Part 2: Hash Table Data Structures

Implementation

Direct-Address Table

  • File: src/hash_tables.py
  • Operations: insert, search, delete
  • Time Complexity: O(1) for all operations
  • Space Complexity: O(m) where m is the key range
  • Use Case: When keys are integers in a small known range

Open Addressing

  • File: src/hash_tables.py
  • Probe Types:
    • Linear Probing: h(k,i) = (h'(k) + i) mod m
    • Quadratic Probing: h(k,i) = (h'(k) + c1*i + c2*i²) mod m
    • Double Hashing: h(k,i) = (h1(k) + i*h2(k)) mod m
  • Operations: insert, search, delete
  • Time Complexity:
    • Best/Average: O(1)
    • Worst: O(n) due to clustering
  • Space Complexity: O(n) where n is number of elements

Separate Chaining

  • File: src/hash_tables.py
  • Implementation: Each bucket contains a linked list
  • Operations: insert, search, delete
  • Time Complexity:
    • Best/Average: O(1)
    • Worst: O(n) if all keys hash to same bucket
  • Space Complexity: O(n + m) where m is table size

Theoretical Performance Analysis

Operation Direct-Address Open Addressing Separate Chaining
Search O(1) O(1) avg, O(n) worst O(1) avg, O(n) worst
Insert O(1) O(1) avg, O(n) worst O(1) avg, O(n) worst
Delete O(1) O(1) avg, O(n) worst O(1) avg, O(n) worst
Space O(m) O(n) O(n + m)

Key Insights:

  • Direct-Address: Fastest but requires keys in known range
  • Open Addressing: Better cache performance, but clustering can degrade performance
  • Separate Chaining: More robust to high load factors, easier deletion

Getting Started

Prerequisites

  • Python 3.10 or later
  • Recommended to use a virtual environment

Installation

python -m venv .venv
source .venv/bin/activate  # On Windows: .venv\Scripts\activate
pip install -r requirements.txt

Running the Examples

python examples/hash_tables_demo.py          # Hash table demonstrations
python examples/generate_plots.py            # Regenerate all figures in docs/

Running Tests

python -m pytest

The test suite verifies correctness for:

  • All hash function implementations
  • Direct-address table
  • Open addressing (all probe types)
  • Separate chaining

Reproducing the Empirical Study

  1. Activate your environment and install dependencies.
  2. Run python examples/generate_plots.py.
    • Benchmarks may take several minutes depending on hardware.
  3. Generated figures will be written to the docs/ directory.

Visualizations

The following visualizations demonstrate key findings from our empirical analysis:

Hash Function Comparison

Hash Function Comparison

This visualization compares different hash functions across multiple metrics: collision rates, distribution variance, execution time, and maximum chain lengths. It clearly demonstrates the impact of hash function design on performance.
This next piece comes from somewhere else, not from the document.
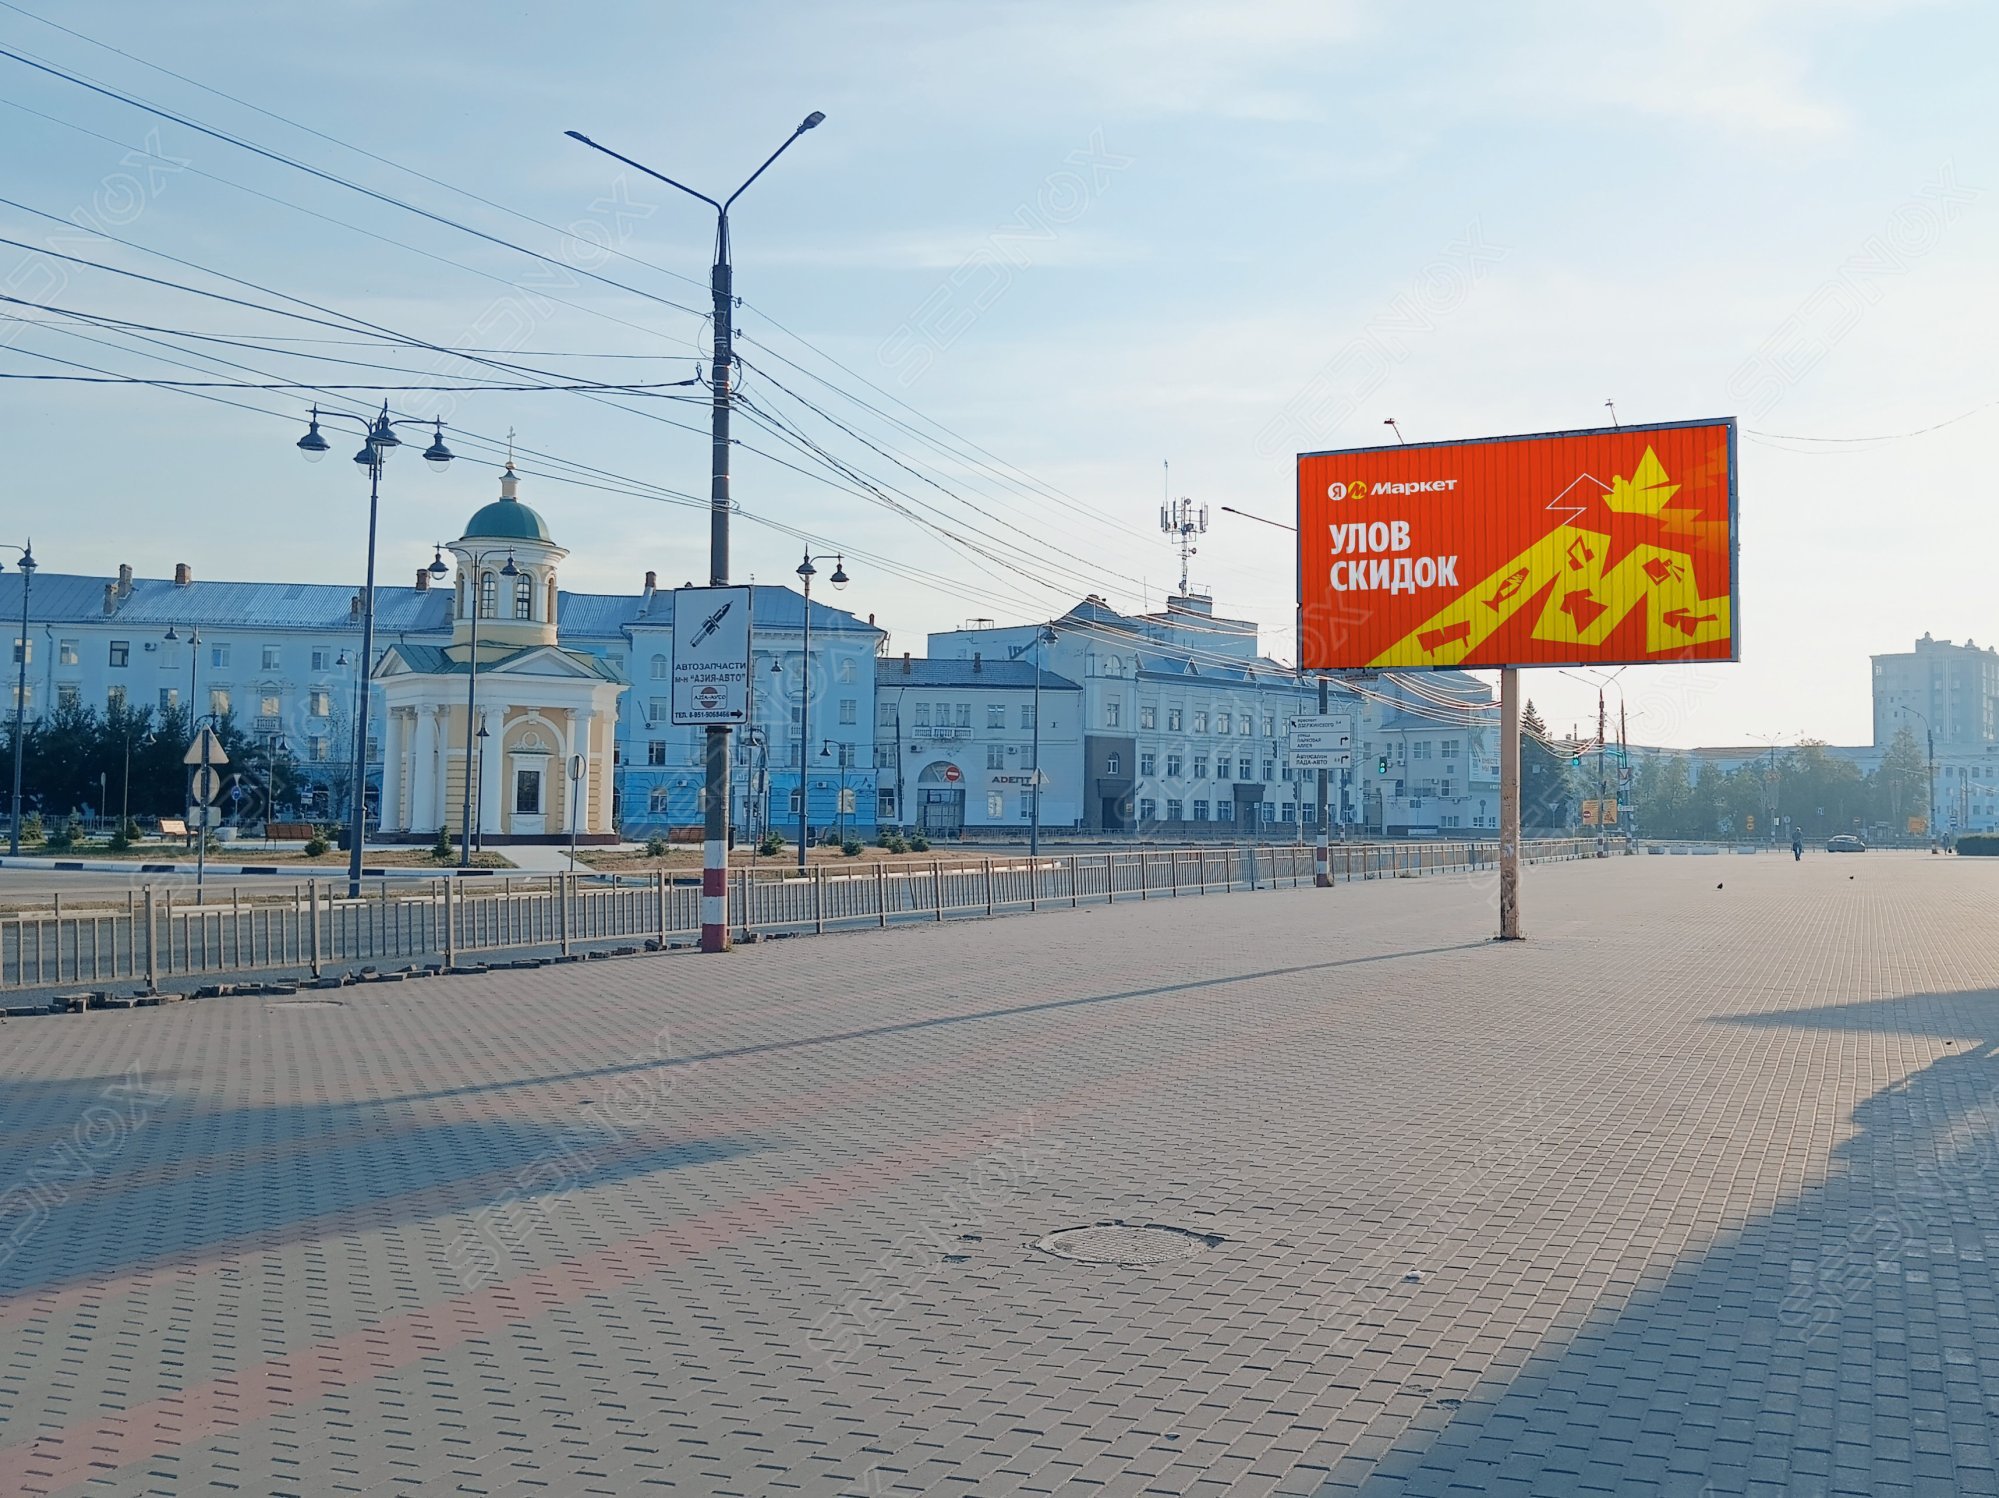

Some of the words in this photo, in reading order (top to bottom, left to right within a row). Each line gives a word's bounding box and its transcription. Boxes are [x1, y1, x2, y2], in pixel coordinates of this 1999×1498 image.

[1370, 480, 1457, 496] Маркет
[1328, 520, 1411, 555] УЛОВ
[1329, 555, 1459, 595] СКИДОК
[675, 662, 746, 671] АВТОЗАПЧАСТИ
Open Addressing vs. Separate Chaining

Open Addressing vs. Separate Chaining

This comprehensive comparison shows insert, search, and delete performance across different data sizes for both open addressing (linear, quadratic, double hashing) and separate chaining methods.

Load Factor Impact

Load Factor Impact

Performance curves demonstrating how operations degrade as load factor increases, highlighting the importance of maintaining appropriate load factors for optimal performance.

Collision Analysis

Collision Analysis

Detailed comparison of collision behavior, clearly demonstrating the dramatic difference between well-designed and poorly-designed hash functions.

Practical Applications

Hash Tables

  • Database Systems: Indexing, join operations
  • Caching: Memoization, LRU caches
  • Symbol Tables: Compilers, interpreters
  • Distributed Systems: Consistent hashing for load balancing
  • Cryptography: Hash-based data structures, digital signatures

Hash Functions

  • Data Integrity: Checksums, hash-based message authentication
  • Load Balancing: Consistent hashing in distributed systems
  • Bloom Filters: Probabilistic data structures
  • Database Indexing: Hash indexes for fast lookups

Academic Integrity Statement

This project is submitted for academic evaluation in MSCS532 Data Structures and Algorithms. All code, analysis, and documentation were authored by Carlos Gutierrez for the specific purpose of this assignment.

References

All references are cited in REPORT.md using APA 7th edition format. Reference papers are located in the papers/ directory.